Essentially, Probability Of Bad Thing Happening x Amount Insurance Company Pays If It Happens = Risk Of Claim. The premium charged to the insured covers the risk, usually plus a bit extra. If the insurance company assesses risk well and has a large enough risk pool, it gets more money in premiums than it pays out in claims. That’s called profit. If it screws up and pays more than it takes in, it loses money. That’s called a tax write-off.
Casinos work the same way. Their basic model has also gone undisrupted for centuries. All because math is pretty consistent, no matter how much Internet and AI you throw at it.

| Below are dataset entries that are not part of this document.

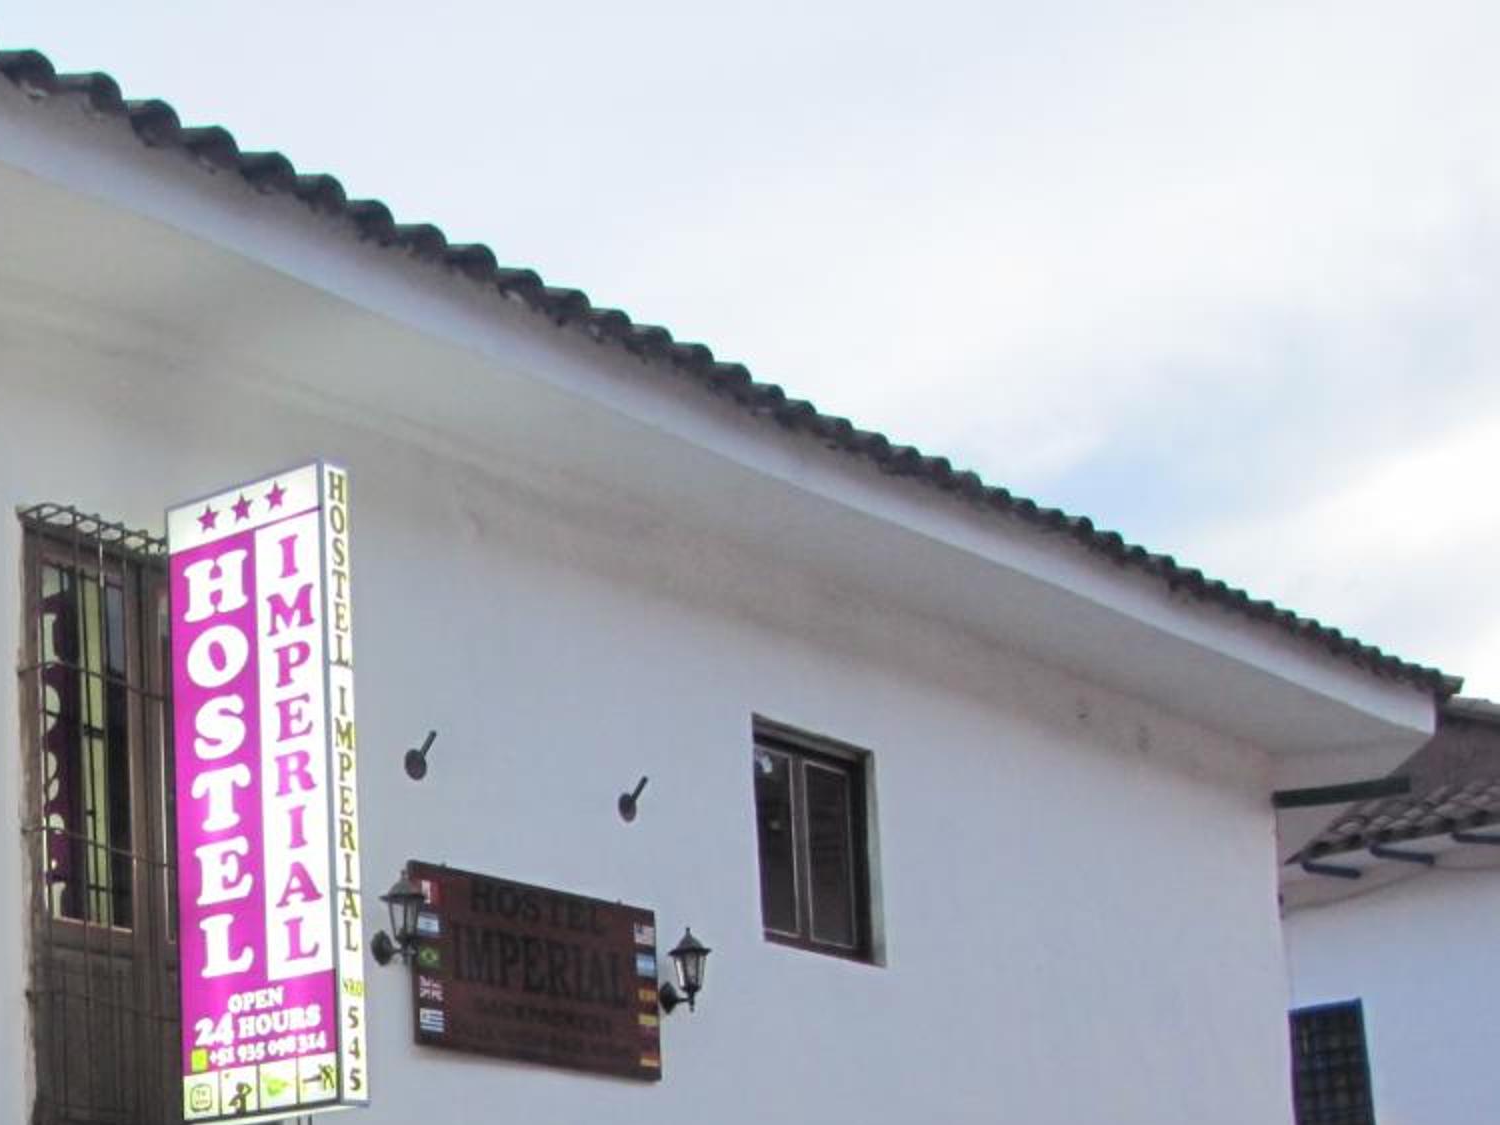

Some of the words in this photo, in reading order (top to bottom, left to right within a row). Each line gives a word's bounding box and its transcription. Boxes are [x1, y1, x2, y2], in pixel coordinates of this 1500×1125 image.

[328, 471, 353, 669] HOSTEL
[183, 548, 254, 978] HOSTEL
[266, 533, 324, 961] IMPERIAL
[334, 686, 359, 952] IMPERIAL
[194, 1012, 235, 1046] 24
[237, 1004, 322, 1039] HOURS
[227, 985, 285, 1014] OPEN
[346, 1006, 362, 1092] 545
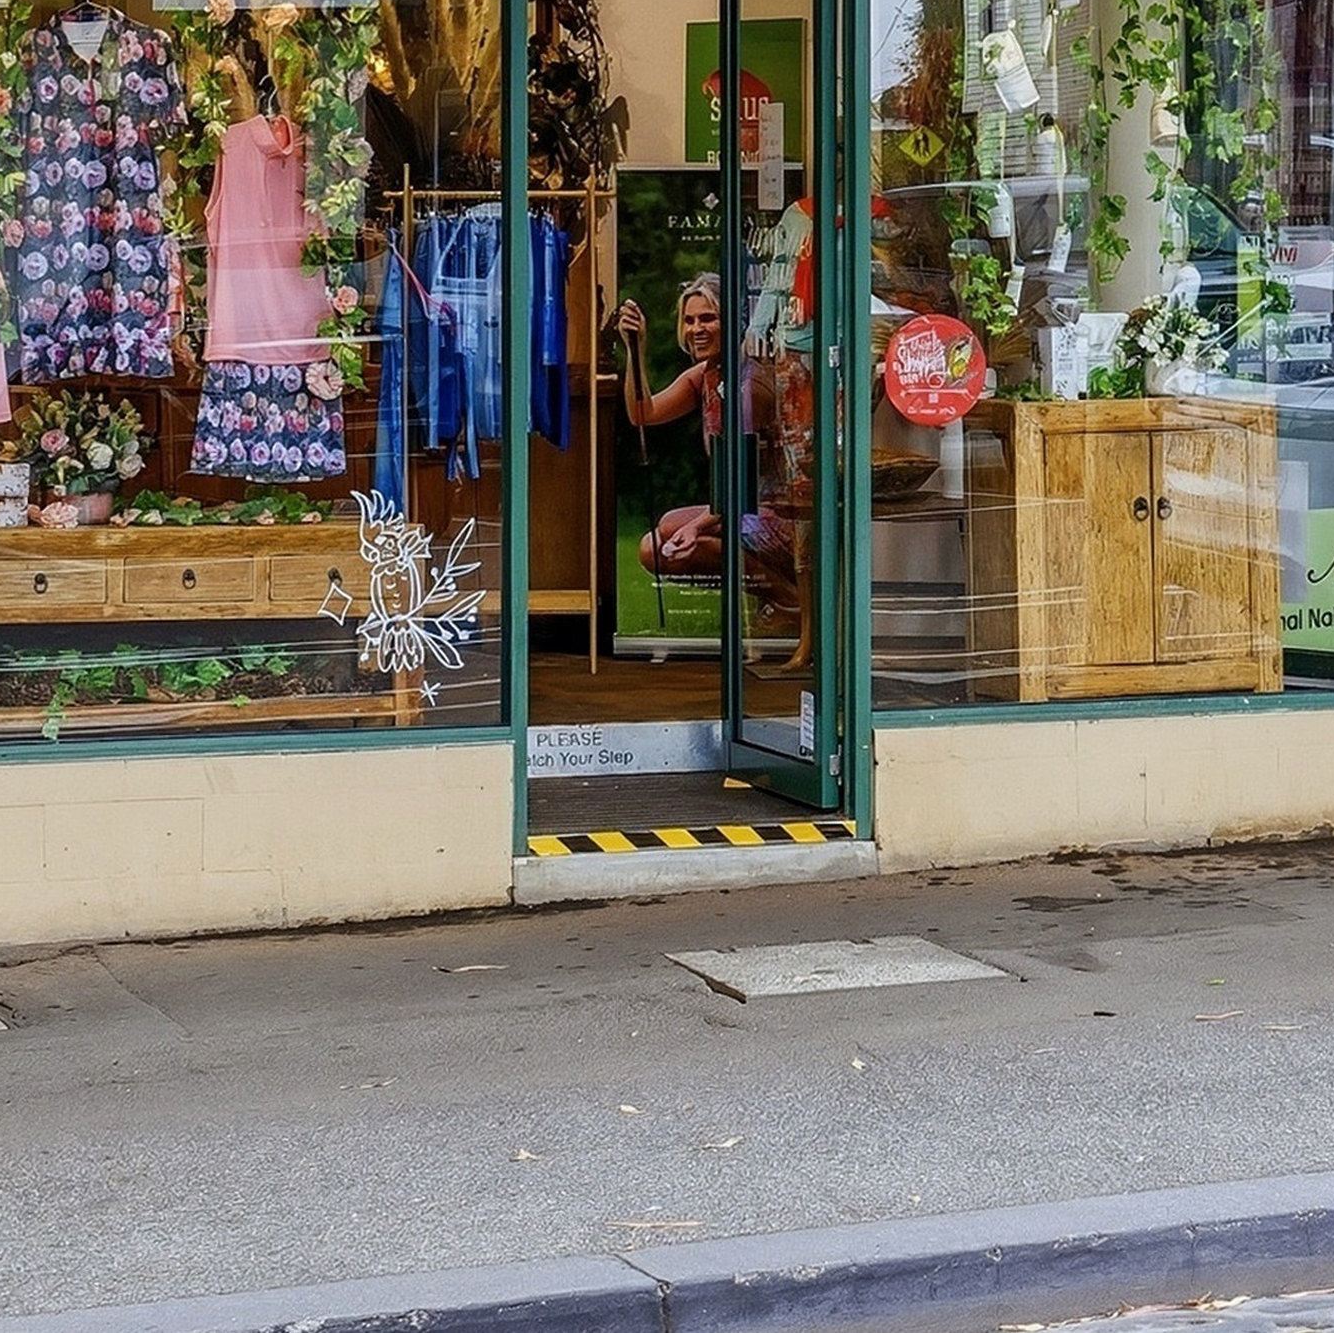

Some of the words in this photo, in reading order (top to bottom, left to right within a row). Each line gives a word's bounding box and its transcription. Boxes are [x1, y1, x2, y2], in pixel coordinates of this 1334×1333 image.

[536, 730, 603, 748] PLEASE
[559, 751, 593, 767] Your
[597, 748, 634, 765] Step
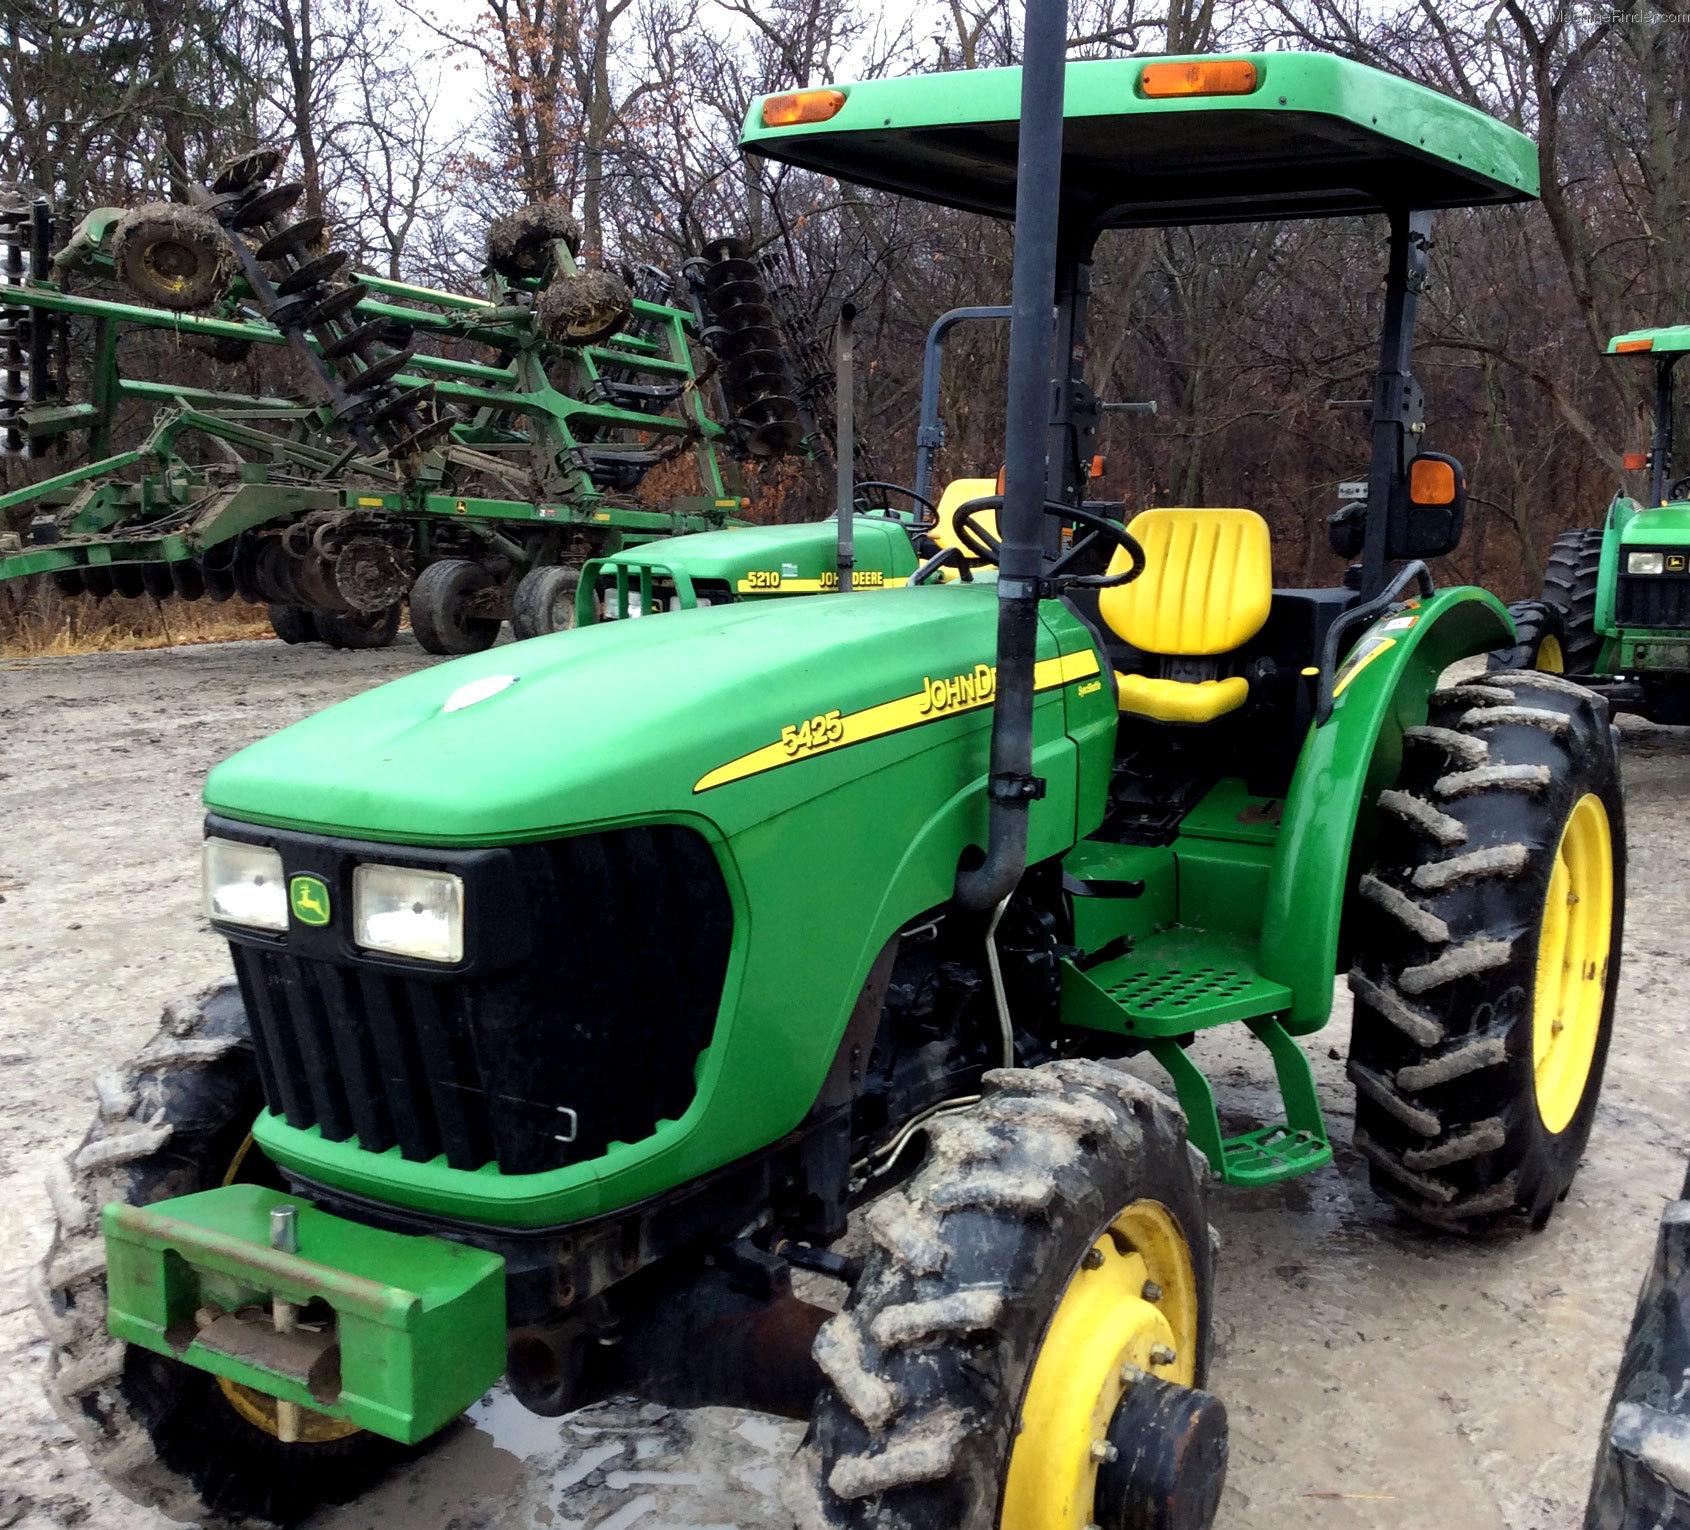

Despite the inherent limitations, though, technology has changed and is changing certain aspects of the insurance industry. While some startups in the insurtech space are clearly demonstrating that business-as-usual is all but unavoidable, no matter how slick your insurance app is, others are showing signs that a few superficial changes can make a big difference in insurance outcomes – for consumers and providers. Whether or not this represents true “disruption”, as insurtech startups claim, is up for debate.
Lemonade launched with a $13M seed round in December of 2015, and according to their messaging is “the world’s first Peer to Peer insurance carrier”. To date, they have yet to release a product or any concrete details on what their products might look like. We will hopefully see how revolutionary they are sometime this year, but there are a few reasons I’m not exactly waiting with bated breath for anything particularly disruptive.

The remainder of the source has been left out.